Sofie Hagen no longer tells fat jokes. “I did at the beginning of my career,” she says, a bit regretfully. “Nothing negative, just laughing at myself. I had one joke, where I said something like: ‘I’m fat because I overeat. And I overeat because I have a lot of pain inside. Like, for example, right here’” — she points to her cheek — “‘is a chicken bone I haven’t quite swallowed yet.’”
I laugh appreciatively, but was I supposed to? “It’s really a lose-lose situation,” she says. “I do think there’s something powerful in a fat comedian being visible, owning the stage and calling out what the audience is already thinking. But I don’t make those jokes anymore.”
Hagen has a different message now. For several years, the 30-year-old comic has been vocal about what she describes as society’s “deeply ingrained” anti-fat bias and the way it marginalises people, particularly women. On social media, she has highlighted fatphobia in advertising campaigns, inevitably attracting the attention of trolls whose personal abuse can “last for days”.
Some of this abuse, as well as the street harassment she endures, features in her award-winning standup comedy. Hagen’s routines cover everything from politics to boybands. Her outlook and voice — that of an awkward millennial outsider — has pulled in a dedicated fanbase of “quirky feminist introverts, like me”, she says.
Her debut book, Happy Fat: Taking Up Space in a World That Wants to Shrink You, documents her own experiences as a fat child and adult, from crushing weight-loss attempts that were always “95-98% likely to fail”, to dating men who were looking to “settle for a fat girl”. She writes about the problems of flying while fat (do you book two seats or risk not being able to fly at all?); and the “hell” that is summer, with warmer weather bringing chafing, sweat and the increased scrutiny that leaves fat people feeling forced to stay indoors.
When we meet to discuss the book, I have to ask: does she really want me to describe her as fat?
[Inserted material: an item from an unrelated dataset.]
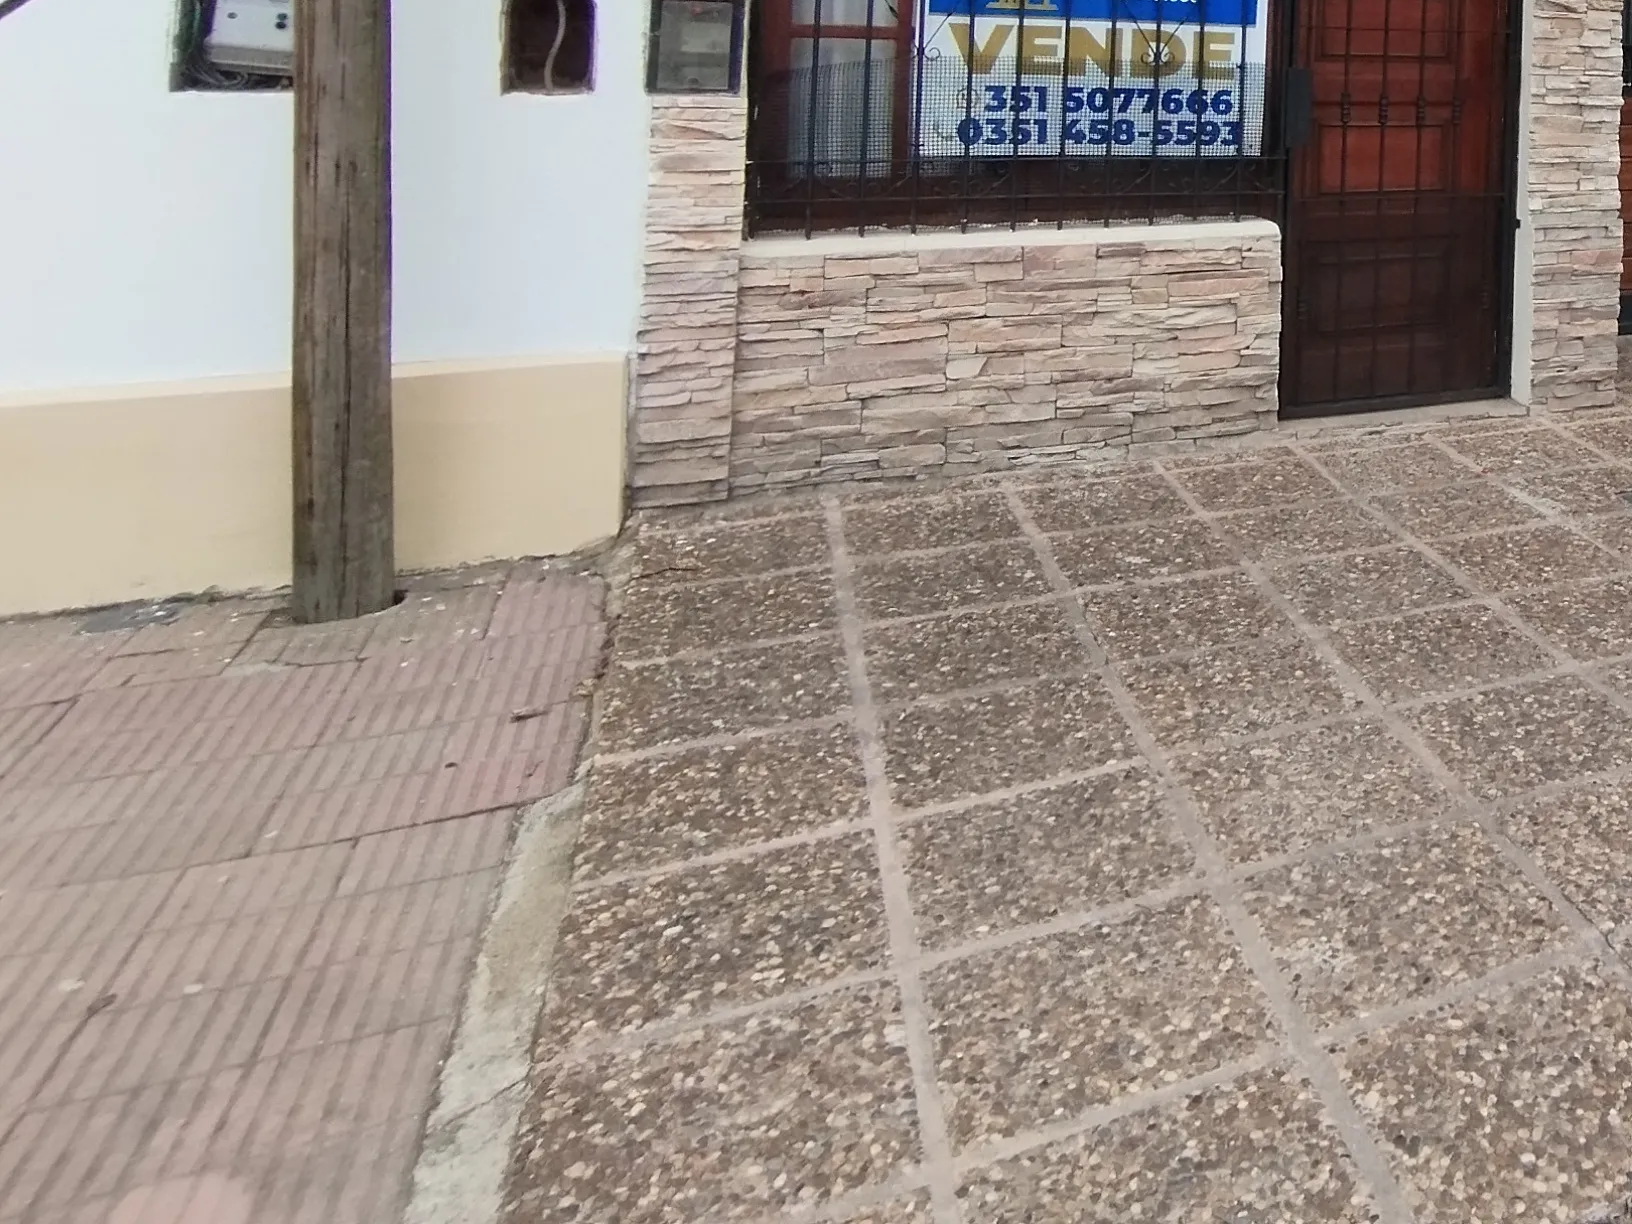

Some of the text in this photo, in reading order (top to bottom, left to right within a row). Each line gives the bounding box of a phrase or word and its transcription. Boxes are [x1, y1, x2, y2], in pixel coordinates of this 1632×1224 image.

[949, 22, 1236, 80] VENDE
[984, 85, 1233, 116] 351 5077666
[957, 117, 1048, 146] 0351
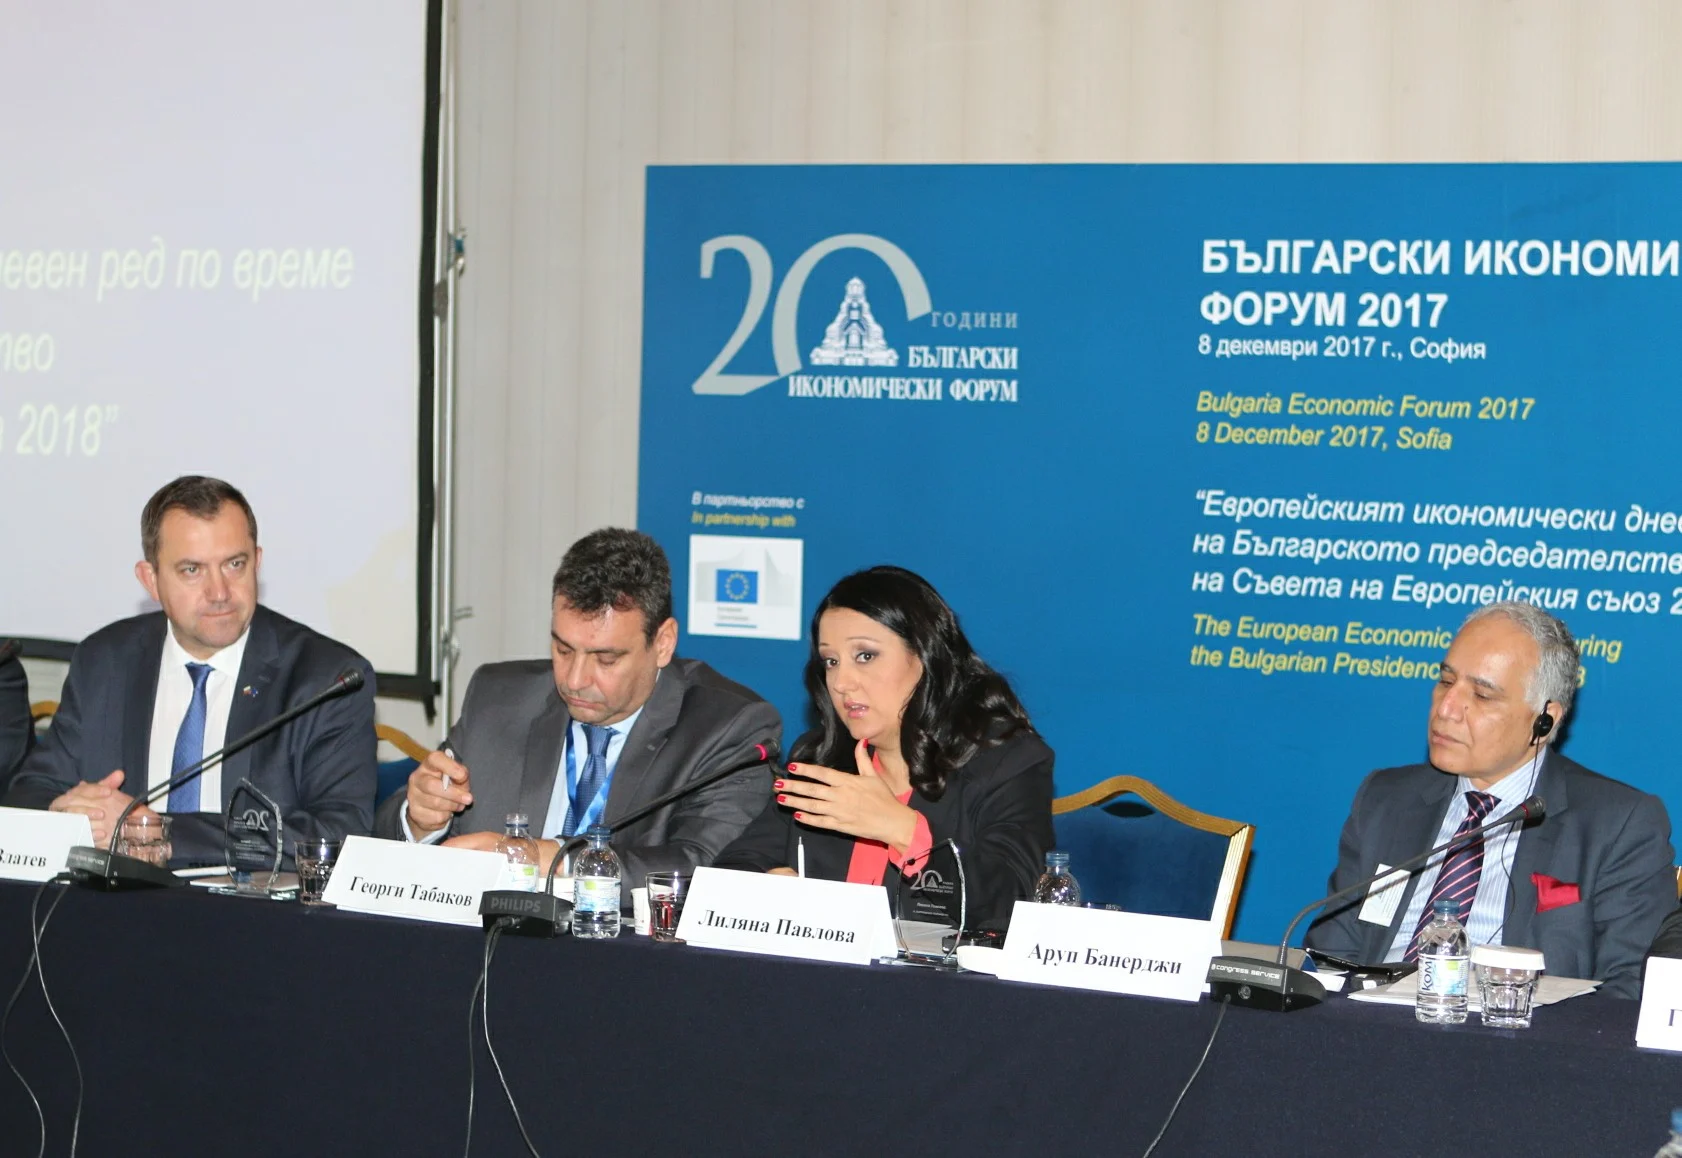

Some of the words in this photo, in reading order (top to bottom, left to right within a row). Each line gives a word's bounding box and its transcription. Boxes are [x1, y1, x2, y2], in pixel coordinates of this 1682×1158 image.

“Yes! I want us to reclaim the word fat,” she says. “I know not everyone likes it. I used to say ‘overweight’. But fat is a neutral word. If you look it up, it doesn’t say good or bad. I want to remove the negative associations, that’s why I put it in the title.”
Happy Fat mixes memoir and political commentary, humour and more difficult moments. There’s her story of visiting a theatre where all the seats had fixed armrests, and having to be seated on a stool instead, “towering over everyone, looking like a lifeguard”. 
She writes about how food was used to express both love and punishment in her childhood, growing up in Søndersø, Denmark, with her sister and mother. Hagen had little contact with her father, but her maternal grandparents played a large role in her upbringing, and she shuttled between the home of her mother — who forever had Hagen on a diet — to the home of her grandparents, who expressed love through sweet treats and felt insulted if she didn’t eat.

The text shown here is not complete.